Data excerpts:
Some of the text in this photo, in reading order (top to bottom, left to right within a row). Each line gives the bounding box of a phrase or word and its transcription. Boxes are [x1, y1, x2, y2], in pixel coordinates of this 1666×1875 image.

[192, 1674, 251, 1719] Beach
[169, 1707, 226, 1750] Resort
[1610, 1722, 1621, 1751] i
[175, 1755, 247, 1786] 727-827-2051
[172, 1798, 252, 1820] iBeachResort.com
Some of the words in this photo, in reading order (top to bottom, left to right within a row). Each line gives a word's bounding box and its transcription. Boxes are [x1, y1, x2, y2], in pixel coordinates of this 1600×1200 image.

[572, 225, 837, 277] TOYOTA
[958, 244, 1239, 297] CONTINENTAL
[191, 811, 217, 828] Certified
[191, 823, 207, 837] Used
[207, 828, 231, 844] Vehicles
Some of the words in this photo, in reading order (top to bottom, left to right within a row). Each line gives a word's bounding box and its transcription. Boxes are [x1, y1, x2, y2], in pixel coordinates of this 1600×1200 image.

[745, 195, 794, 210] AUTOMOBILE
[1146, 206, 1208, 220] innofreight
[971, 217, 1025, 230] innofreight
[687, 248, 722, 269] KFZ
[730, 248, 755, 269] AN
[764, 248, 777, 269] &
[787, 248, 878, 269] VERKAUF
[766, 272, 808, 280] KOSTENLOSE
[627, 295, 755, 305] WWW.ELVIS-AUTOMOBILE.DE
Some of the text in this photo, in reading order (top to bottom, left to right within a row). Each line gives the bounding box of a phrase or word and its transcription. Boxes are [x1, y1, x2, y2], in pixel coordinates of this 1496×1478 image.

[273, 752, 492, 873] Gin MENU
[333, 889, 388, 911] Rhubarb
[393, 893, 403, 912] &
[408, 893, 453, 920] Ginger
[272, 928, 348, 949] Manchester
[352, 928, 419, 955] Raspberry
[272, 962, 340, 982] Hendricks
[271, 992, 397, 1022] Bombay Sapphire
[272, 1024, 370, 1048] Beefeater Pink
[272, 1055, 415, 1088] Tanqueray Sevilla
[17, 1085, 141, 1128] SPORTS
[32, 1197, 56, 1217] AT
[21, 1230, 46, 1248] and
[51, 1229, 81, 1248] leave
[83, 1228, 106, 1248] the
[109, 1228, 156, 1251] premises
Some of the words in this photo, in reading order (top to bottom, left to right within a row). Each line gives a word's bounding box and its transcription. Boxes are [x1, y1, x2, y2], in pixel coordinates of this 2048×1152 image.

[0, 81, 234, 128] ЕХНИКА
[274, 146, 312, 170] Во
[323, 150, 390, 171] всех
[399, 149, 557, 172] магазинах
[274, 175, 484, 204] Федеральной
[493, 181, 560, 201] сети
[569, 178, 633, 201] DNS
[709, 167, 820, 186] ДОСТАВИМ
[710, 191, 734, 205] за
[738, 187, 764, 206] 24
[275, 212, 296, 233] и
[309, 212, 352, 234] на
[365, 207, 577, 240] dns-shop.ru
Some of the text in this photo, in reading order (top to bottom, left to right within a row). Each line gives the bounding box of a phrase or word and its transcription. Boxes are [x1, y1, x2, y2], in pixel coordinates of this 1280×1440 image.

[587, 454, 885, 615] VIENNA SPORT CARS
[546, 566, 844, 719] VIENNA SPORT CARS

REQUIREMENT: The records above should be transcribed in full, with no differences.

OUTPUT OF THE TASK:
Some of the text in this photo, in reading order (top to bottom, left to right within a row). Each line gives the bounding box of a phrase or word and its transcription. Boxes are [x1, y1, x2, y2], in pixel coordinates of this 1666×1875 image.

[192, 1674, 251, 1719] Beach
[169, 1707, 226, 1750] Resort
[1610, 1722, 1621, 1751] i
[175, 1755, 247, 1786] 727-827-2051
[172, 1798, 252, 1820] iBeachResort.com
Some of the words in this photo, in reading order (top to bottom, left to right within a row). Each line gives a word's bounding box and its transcription. Boxes are [x1, y1, x2, y2], in pixel coordinates of this 1600×1200 image.

[572, 225, 837, 277] TOYOTA
[958, 244, 1239, 297] CONTINENTAL
[191, 811, 217, 828] Certified
[191, 823, 207, 837] Used
[207, 828, 231, 844] Vehicles
Some of the words in this photo, in reading order (top to bottom, left to right within a row). Each line gives a word's bounding box and its transcription. Boxes are [x1, y1, x2, y2], in pixel coordinates of this 1600×1200 image.

[745, 195, 794, 210] AUTOMOBILE
[1146, 206, 1208, 220] innofreight
[971, 217, 1025, 230] innofreight
[687, 248, 722, 269] KFZ
[730, 248, 755, 269] AN
[764, 248, 777, 269] &
[787, 248, 878, 269] VERKAUF
[766, 272, 808, 280] KOSTENLOSE
[627, 295, 755, 305] WWW.ELVIS-AUTOMOBILE.DE
Some of the text in this photo, in reading order (top to bottom, left to right within a row). Each line gives the bounding box of a phrase or word and its transcription. Boxes are [x1, y1, x2, y2], in pixel coordinates of this 1496×1478 image.

[273, 752, 492, 873] Gin MENU
[333, 889, 388, 911] Rhubarb
[393, 893, 403, 912] &
[408, 893, 453, 920] Ginger
[272, 928, 348, 949] Manchester
[352, 928, 419, 955] Raspberry
[272, 962, 340, 982] Hendricks
[271, 992, 397, 1022] Bombay Sapphire
[272, 1024, 370, 1048] Beefeater Pink
[272, 1055, 415, 1088] Tanqueray Sevilla
[17, 1085, 141, 1128] SPORTS
[32, 1197, 56, 1217] AT
[21, 1230, 46, 1248] and
[51, 1229, 81, 1248] leave
[83, 1228, 106, 1248] the
[109, 1228, 156, 1251] premises
Some of the words in this photo, in reading order (top to bottom, left to right within a row). Each line gives a word's bounding box and its transcription. Boxes are [x1, y1, x2, y2], in pixel coordinates of this 2048×1152 image.

[0, 81, 234, 128] ЕХНИКА
[274, 146, 312, 170] Во
[323, 150, 390, 171] всех
[399, 149, 557, 172] магазинах
[274, 175, 484, 204] Федеральной
[493, 181, 560, 201] сети
[569, 178, 633, 201] DNS
[709, 167, 820, 186] ДОСТАВИМ
[710, 191, 734, 205] за
[738, 187, 764, 206] 24
[275, 212, 296, 233] и
[309, 212, 352, 234] на
[365, 207, 577, 240] dns-shop.ru
Some of the text in this photo, in reading order (top to bottom, left to right within a row). Each line gives the bounding box of a phrase or word and its transcription. Boxes are [x1, y1, x2, y2], in pixel coordinates of this 1280×1440 image.

[587, 454, 885, 615] VIENNA SPORT CARS
[546, 566, 844, 719] VIENNA SPORT CARS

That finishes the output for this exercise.